If you'd rather not cache and manage the expires_in value, you can expect the error code invalid_auth when invoking a method with an expired access token. The error code is purposefully vague; it doesn't give potential attackers information about why the authentication was invalid.

One way to track whether a token has expired versus having been revoked is subscribing to the tokens_revoked event.

2. Handling expired tokens

Because the invalid_auth error means more than one thing, you might not know for sure whether you need to refresh the token unless you're tracking the expires_in value. With token rotation on, you may as well try to refresh the token and assume it's expired.

Use the oauth.access method with your token set to your refresh token value and grant_type set to refresh_token.

Note that the grant_type represents the type of auth being passed to the method, not the type of token that will be returned from it.

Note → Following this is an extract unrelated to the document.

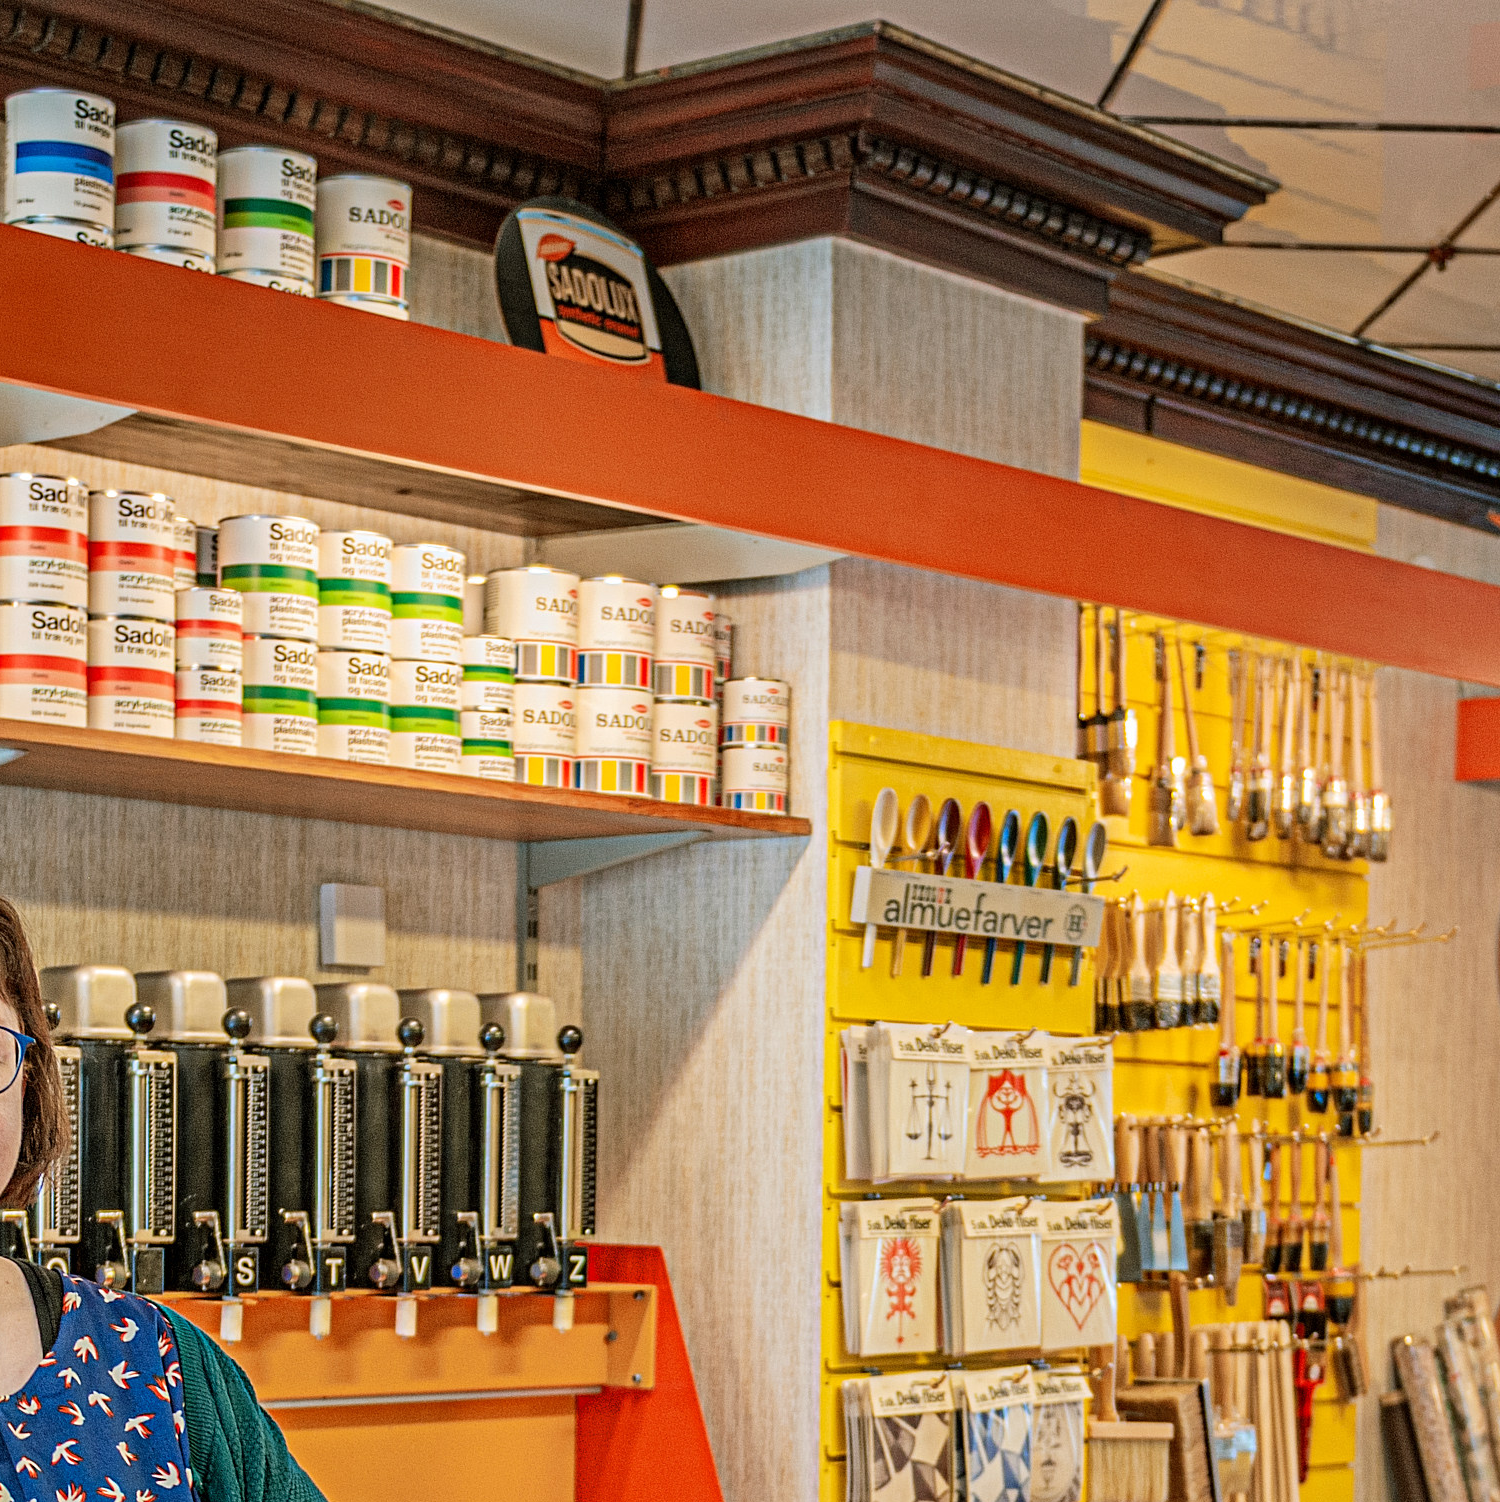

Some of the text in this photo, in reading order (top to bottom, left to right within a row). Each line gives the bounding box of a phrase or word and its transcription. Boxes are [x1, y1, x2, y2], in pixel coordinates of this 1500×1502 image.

For example, you might post the following to the oauth.access endpoint:

POST /api/oauth.access
Host: slack.com
Content-Type: application/x-www-form-urlencoded

client_id=60503450.61416
client_secret=8bc5fc53901afc11c
grant_type=refresh_token
refresh_token=xoxr-...

Then your app will receive a response containing a new access_token as well as the team_id it corresponds to. You should store a mapping of which access_token is currently being used for which team_id if you want to safely handle multiple workspaces in your app.


Token and installation management

You can control token revocation and completely uninstall your app from a workspace using two dedicated Web API methods.

Manually revoking tokens

Too manually revoke an access token — maybe because you think it might be compromised — use the existing auth.revoke method with your refresh token.

A typical API call might look like:

GET /api/auth.revoke
Host: slack.com
Content-Type: application/x-www-form-urlencoded
token=xoxr-your-refresh-token

And the response might appear as:

{
    "ok": true,
    "revoked": true
}

Note that this method only revokes an access token. It does not uninstall the app.

Uninstalling workspace apps

The apps.uninstall method revokes all of the access tokens and refresh token associated with an app, uninstalling the app completely.

The method requires your app's client id and client secret as well as an access token.

A typical call might look like:

GET /api/apps.uninstall
HOST slack.com
Content-Type: application/x-www-form-urlencoded

client_id=12345.5678
client_secret=abcd
token=xoxa-... // also accepts xoxr-...

A typical {"ok":true} response returns when the call is successful.

You may also want to gracefully handle the case where your app is uninstalled. API methods will return a workspace_app_uninstalled error code if your app's install has been revoked.

Best practices

  • Store the Client Secret separately from your Refresh Token. That way, these two separate long-lived secrets serve as a form of two-factor authentication, providing a double barrier against someone gaining power over your app.
  • Expect and handle invalid_auth error codes from API methods. This error code means you must refresh your access token. Even if your app checks a TTL to determine when to refresh your automatically expiring token, you should still handle the invalid_auth case as well, because tokens may be expired manually.
  • Token rotation doesn't make it safe to store access tokens client-side.

SDK support

Robust token rotation implementations will come free with the use of our Slack Developer Kits. Initialize your Node (and, coming soon: Python) Slack Client with a refresh token, and the SDK pretty much takes care of the rest.

Learn more in node-slack-sdk's refresh token docs.

Limitations

  • We return the invalid_auth error code in several different circumstances, including when an access token are revoked. The error is purposefully vague to avoid leaking information to potential attackers. You should assume that, if you receive this code from an API method, you must refresh your access token using your refresh token.
  • A quick note on rate-limiting: oauth.access follows a custom rate-limiting scheme for the refresh case only. After your app has received its refresh token, it may call the endpoint to gain a new access token at a rate of 10 calls per minute, with an occasional burst of up to 50.